Broward County Public Schools improved from a ‘C’ to a ‘B’ grade for 2013-14.student achievement. Based on district wide gains in reading and math FCAT scores, students, teachers and schools should be proud. Oddly enough, there is widespread astonishment that student scores went up, and teacher evaluations went down–way down.
One half of a teacher’s evaluation was based on student achievement gains and the rest was based on instructional practice. Districts design the instructional practice component. In Broward, it appears that formal and informal classroom observations are used. There is a web site that has links to each district’s process. They are not the same. Yet, the legislature wants merit pay for the highest performing teachers.
Jane Koszoruc from the Broward County LWV relates the results. It has me scratching my head!
Recognizing the potential inequities of relying too heavily on standardized tests scores to rate teacher effectiveness, the 2015 Florida legislature revised (again) the teacher evaluation and performance pay formula for Florida’s teachers. The legislation shifted more weight to district conducted teacher classroom performance observations, reducing the reliance on VAM scores (Value-Added Modeling – a complex formula to predict expected student learning gains) from the current 50% to 33%.
But this is little comfort to Broward teachers who may be wondering how, for the last reported school year (2013-14), they ended up 61st out of 67 counties in the percentage of teachers identified as Highly Effective – even as the district earned a “B” grade for overall student achievement. While the Florida Department of Education reported that 41.9% of all Florida teachers were recognized as Highly Effective (1/26/2015), only 5.1% of Broward teachers warranted the highest rating – and therefore the additional “Merit” pay that accompanies it.
The second largest district in Florida and sixth largest in the nation, Broward boasts 1,652 National Board Certified Teachers, National Teacher Hall of Fame members, State Teachers of the Year, and Milken award winners, and yet only 5.1% of its teachers are regarded as Highly Effective.
Broward compared miserably to the seven largest school districts in Florida, ranking dead last. In neighboring Dade and Palm Beach Counties 39.1% and 43.6% of their instructors earned a Highly Effective rating. And where 81.2% of Orange County teachers were identified as Highly Effective, a 70.2% gain from 2013 to 2014, Broward dropped by 4.8%. Only six out of 67 Florida districts reported a smaller percentage of Highly Effective teachers than Broward.
While VAM scores are reported yearly, classroom performance scores are quarantined for a year before release. Until both the VAM and performance scores are available, it is difficult to determine if the low number of Highly Effective teachers identified in Broward County for 2014 was a result of lower-than-expected VAM scores, of low district level classroom performance scores, or a combination of both.
A comment from Broward’s former Director of Performance Evaluations and the Teacher Incentive Fund may shed some light.

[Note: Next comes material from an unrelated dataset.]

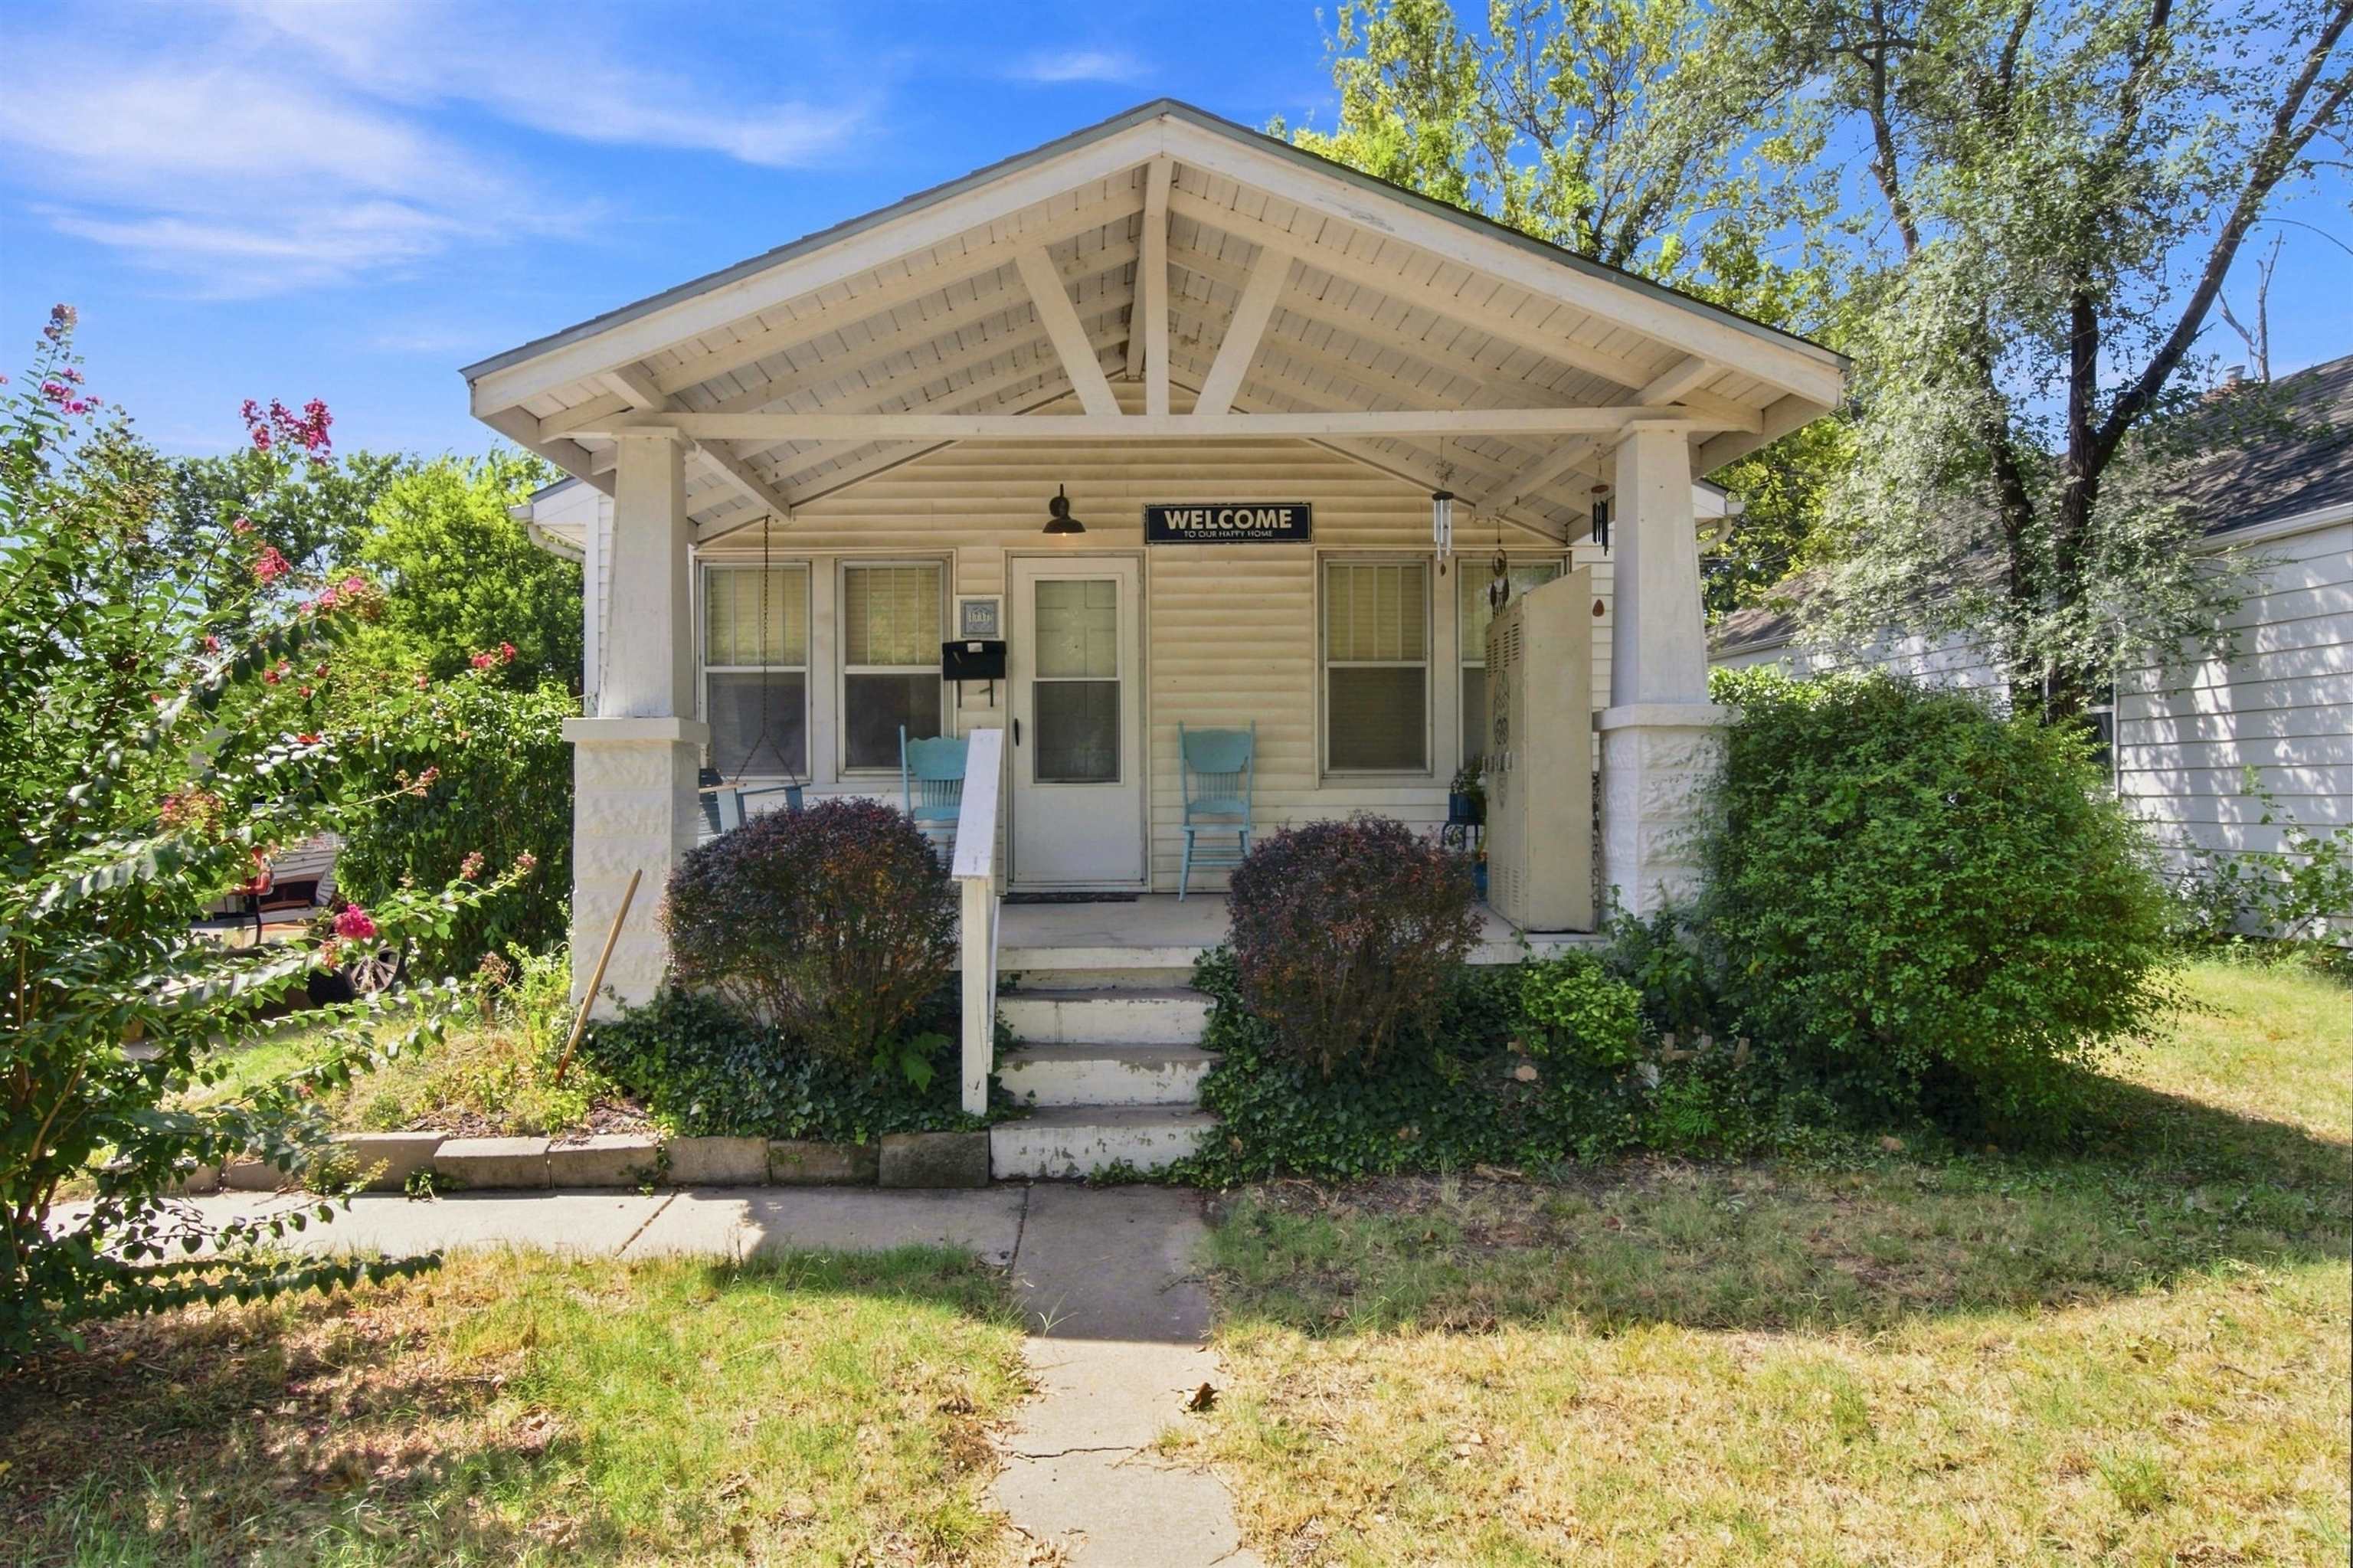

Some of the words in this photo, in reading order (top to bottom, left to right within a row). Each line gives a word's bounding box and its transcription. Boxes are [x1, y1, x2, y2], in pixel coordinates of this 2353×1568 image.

“Of 16,685 Broward teachers evaluated … only 5.1 percent of teachers, or 715, were rated as ‘highly effective’ by Broward, down by half from last year. Gracie Diaz, director of performance evaluations and the Teacher Incentive Fund, said other districts are not adhering to their evaluation systems because they find the state criteria unfair. ‘We’ve stayed true to our system,’ said Diaz, adding that the district has formed a task force with its union to improve the evaluation process.” (The Sun-Sentinel, 12/3/14)
Interestingly, Gracie Diaz has since left Broward County public schools and is currently the EXCEED Grant Director in the Department of Teaching and Learning at Florida Atlantic University.
The district and union have agreed to some scoring changes for 2015, but Broward teachers might still wonder if the small percentage of Highly Effective teachers could be, at least in part, the result of hyper-critical classroom evaluations, especially when compared to other districts.
At the very least, the low number of Highly Effective teachers in Broward County suggests that factors other than standardized test scores and VAM may negatively affect a teacher’s rating.